The Ultimate Uncheese Cookbook was the only thing my vegan boss asked me to bring back to Ecuador, and I've seen Jen at veganlunchbox use recipes from it too. And then we were given a copy as one of our class textbooks. So even though I'm a real-cheese kind of gal, I thought I'd try a recipe for my class demo. I got 9 thumbs up, even though most of my classmates are far from vegetarian.

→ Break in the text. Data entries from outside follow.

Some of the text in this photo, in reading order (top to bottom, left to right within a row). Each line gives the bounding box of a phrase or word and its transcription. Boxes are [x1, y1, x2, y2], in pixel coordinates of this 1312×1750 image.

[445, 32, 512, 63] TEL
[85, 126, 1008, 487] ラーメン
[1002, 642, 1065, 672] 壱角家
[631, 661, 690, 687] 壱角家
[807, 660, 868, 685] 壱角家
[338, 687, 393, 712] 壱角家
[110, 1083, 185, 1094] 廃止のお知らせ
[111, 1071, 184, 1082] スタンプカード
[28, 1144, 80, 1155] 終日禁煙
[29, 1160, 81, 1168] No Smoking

It was really cheap, easy to make, and came out a great gooey consistency. It didn't taste like cheese, but it also didn't taste like plastic (or soy, or chickpeas...) It was herby, but not very tomatoey, so I might try adding tomato paste the next time, or even subbing that for the ketchup. You could play around a little with the spices, but the author warns that since there are so few ingredients, a little change makes a huge difference in flavor. I made the second batch with a smaller pinch of cayenne and used smoked paprika, and you could definitely tell the difference - a mellower and smoky flavor. You can put this on anything. Hot it would be great on broccoli, and cold it's a perfect dip.